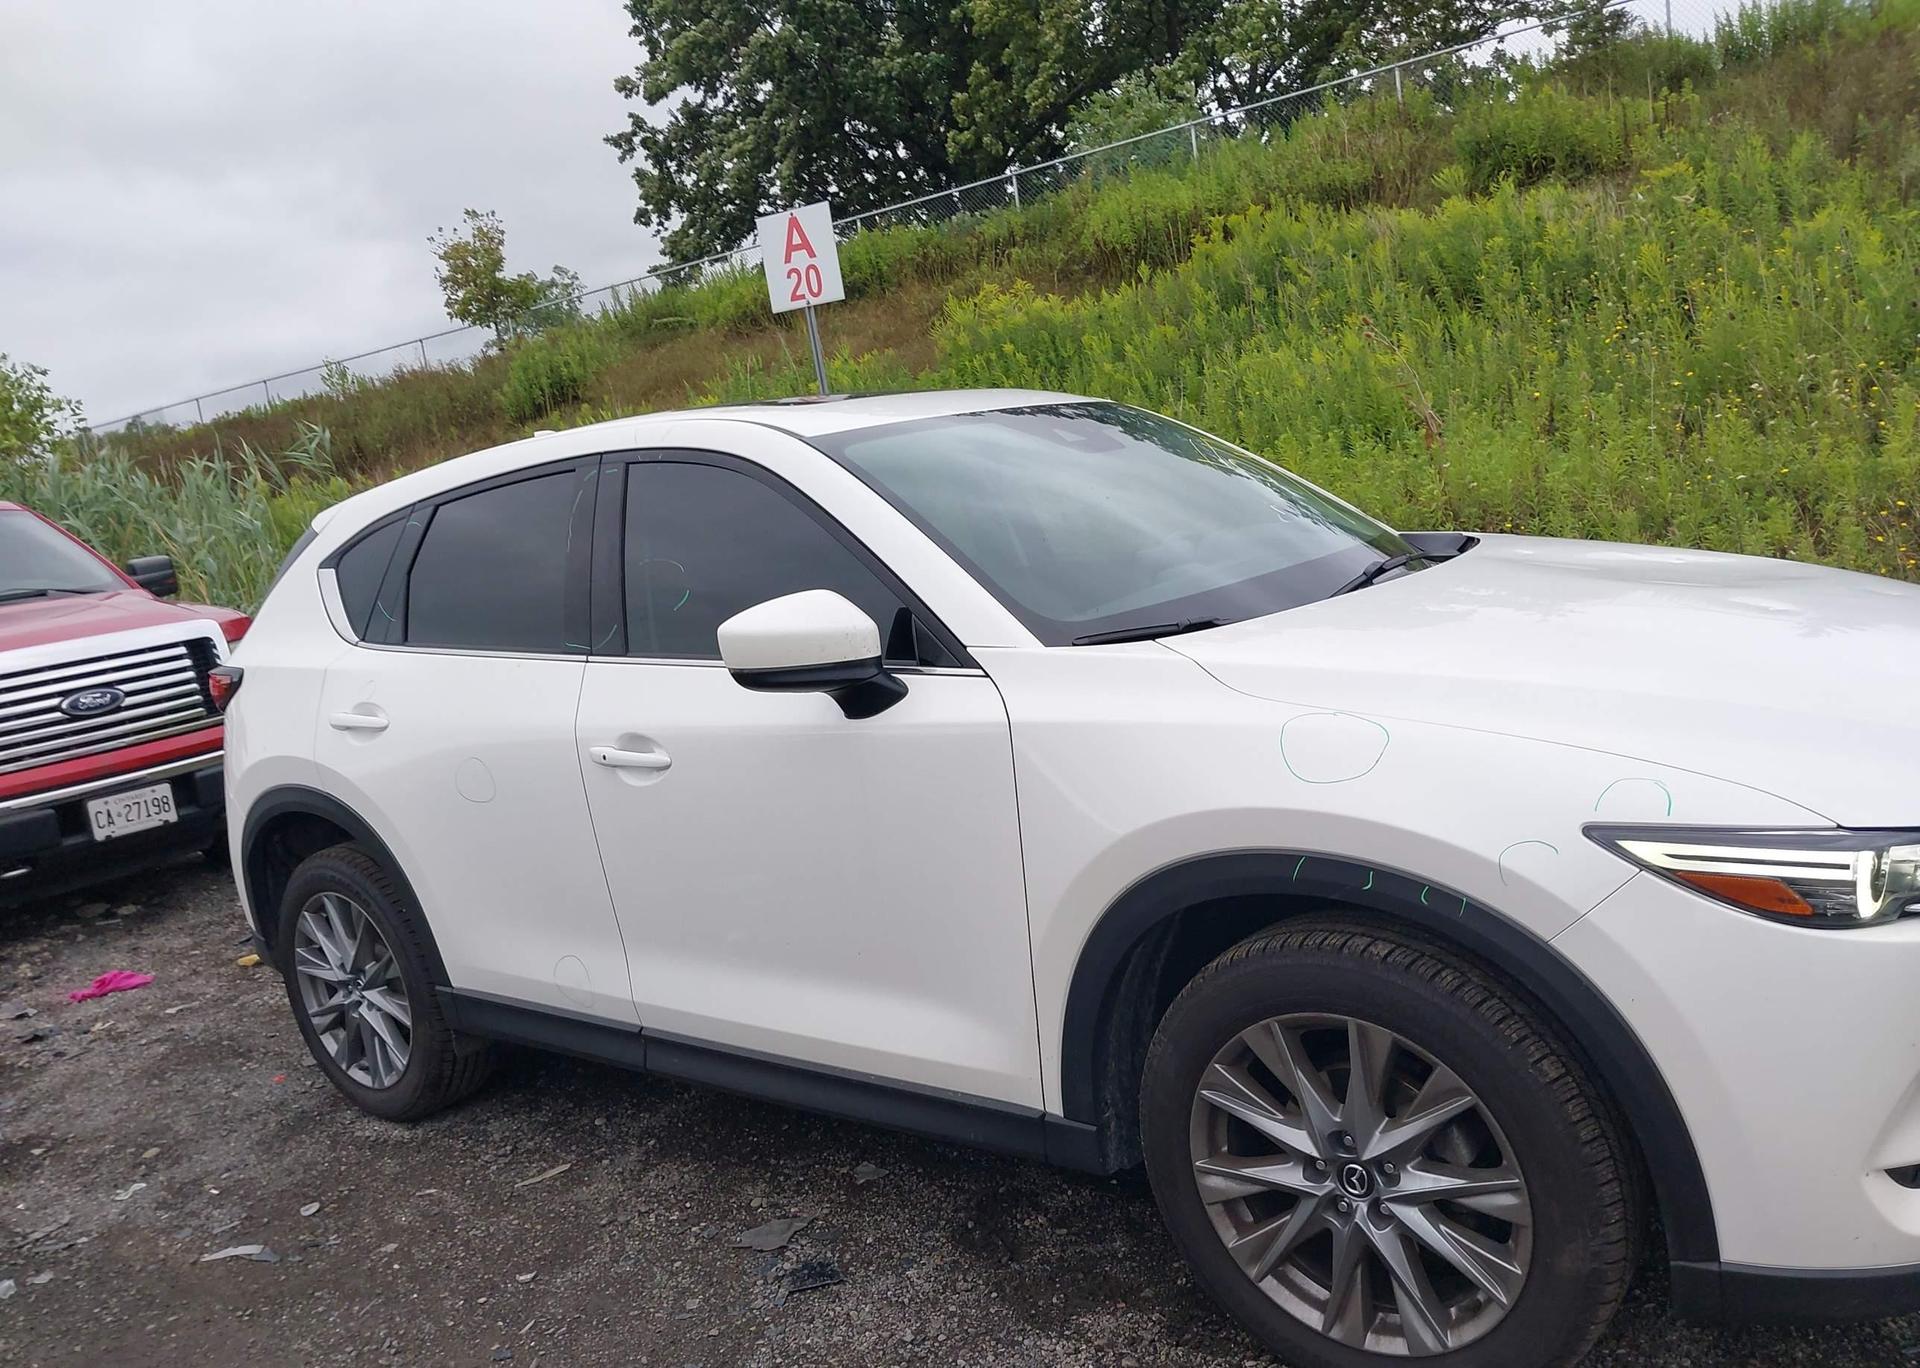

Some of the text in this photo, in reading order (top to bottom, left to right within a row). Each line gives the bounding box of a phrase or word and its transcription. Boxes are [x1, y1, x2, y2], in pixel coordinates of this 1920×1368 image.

[784, 215, 817, 264] A
[786, 264, 823, 302] 20
[79, 693, 111, 709] Ford
[123, 795, 171, 823] 27198

┄┄┄┄┄┄┄┄┄┄

**YOUR GOAL:**
Print every line of the material exactly as written, but drop the pictures.

**SOLUTION:**
Some of the text in this photo, in reading order (top to bottom, left to right within a row). Each line gives the bounding box of a phrase or word and its transcription. Boxes are [x1, y1, x2, y2], in pixel coordinates of this 1920×1368 image.

[784, 215, 817, 264] A
[786, 264, 823, 302] 20
[79, 693, 111, 709] Ford
[123, 795, 171, 823] 27198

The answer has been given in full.